Vorrei mettere le mie competenze e l’esperienza maturata negli anni non al centro, ma al servizio della Città del Teatro, affinché possa divenire luogo di riferimento e aggregazione per giovani realtà artistiche. Magari per realizzare una nuova “città della comunicazione”, che possa offrire opportunità espressive e culturali a tutte le arti, e che sappia fare della relazione e del confronto la sua specificità sia artistica che morale, vista oltretutto la responsabilità che una Fondazione a finanziamento pubblico ha il dovere di perseguire.
Gentile signor Cassanelli,
forse non lo sa ma il teatro presso il quale lei è dipendente è un ente che percepisce finanziamenti pubblici, non è una sua proprietà personale. Di conseguanza se vengono, da più parti (ricordo l’articolo “profetico” di Anna Maria Monteverdi du http://www.ateatro.it dove si ipotizzava, fra le altre, proprio la possibile vittoria della dottoressa Diamanti), avanzati dubbi sulla limpidità del procedimento di assegnazione sarebbe suo dovere rispondere con altri toni, più professionali.
Caro Mario in un momento in cui ci sarebbe bisogno di ben altri profili di senso ,c’è chi ha tempo da perdere con insinuazioni su ciò che non conosce..rimane solo una bassa considerazione probabilmente celata dietro nik name. pazienza.!! La tua è una intervista ineccepibile, se a qualcuno dovessero servire ulteriori e puntuali informazioni sarebbe meglio si rivolgesse a noi mostrandosi con trasparenza…
A me conoscendo Donatella è sembrato giusto e coerente
Certo sarebbe interessante poter leggere il suo progetto e anche sapere chi erano gli altri candidati.
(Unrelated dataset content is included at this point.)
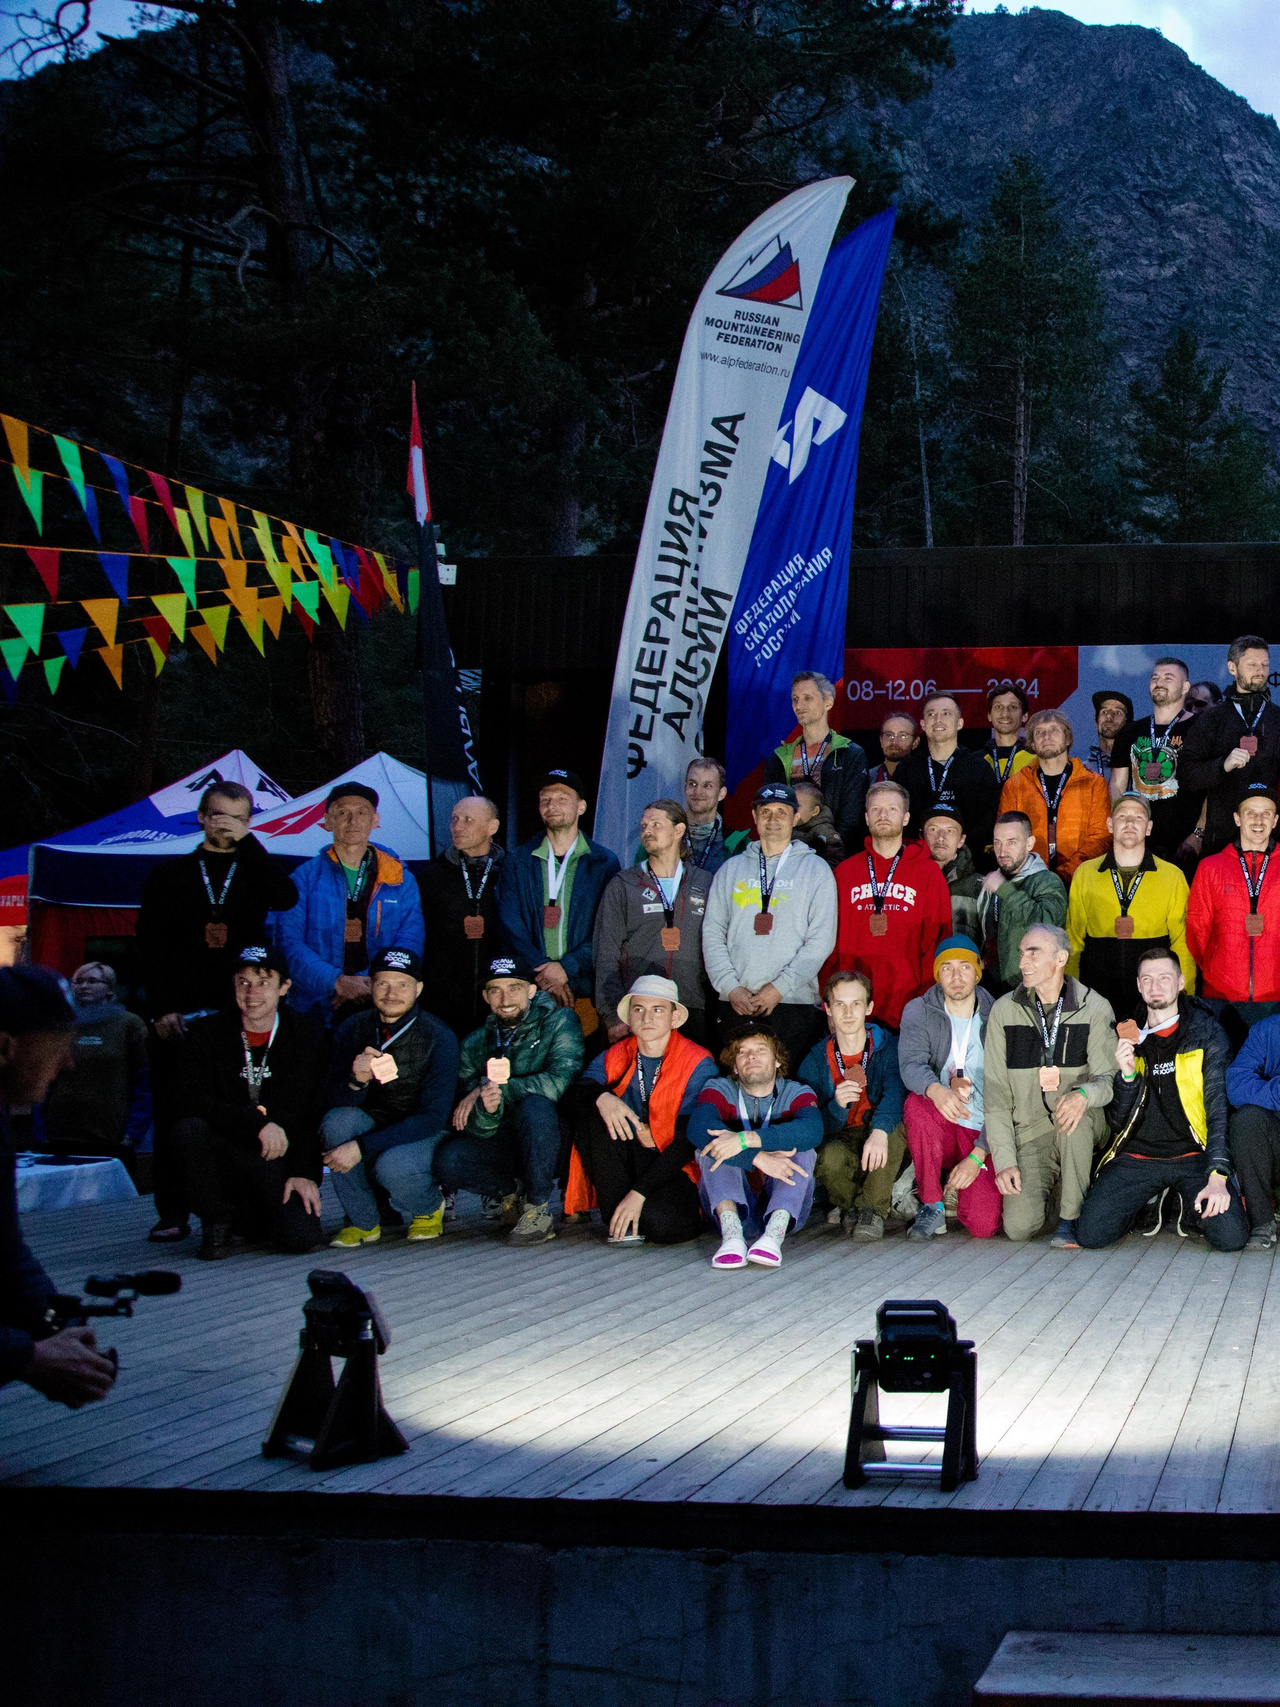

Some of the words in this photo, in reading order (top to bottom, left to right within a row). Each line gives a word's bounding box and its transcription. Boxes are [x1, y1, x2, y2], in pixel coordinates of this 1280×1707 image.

In questa intervista mi sembra che ci siano poche idee e molto confuse. Mi sembra inoltre molto strano che su 59 candidature pervenute vinca proprio l’ex collaboratrice di Cascina, senza alcuna esperienza di direzione artistica……
Certo! Forse bisognava sottolinearlo di più, ma dire che sotto la direzione di Sandro Garzella la struttura ha organizzato e proposto innumerevoli attività che hanno dato lustro a tutto il teatro italiano, era dire appunto che molto è stato merito suo.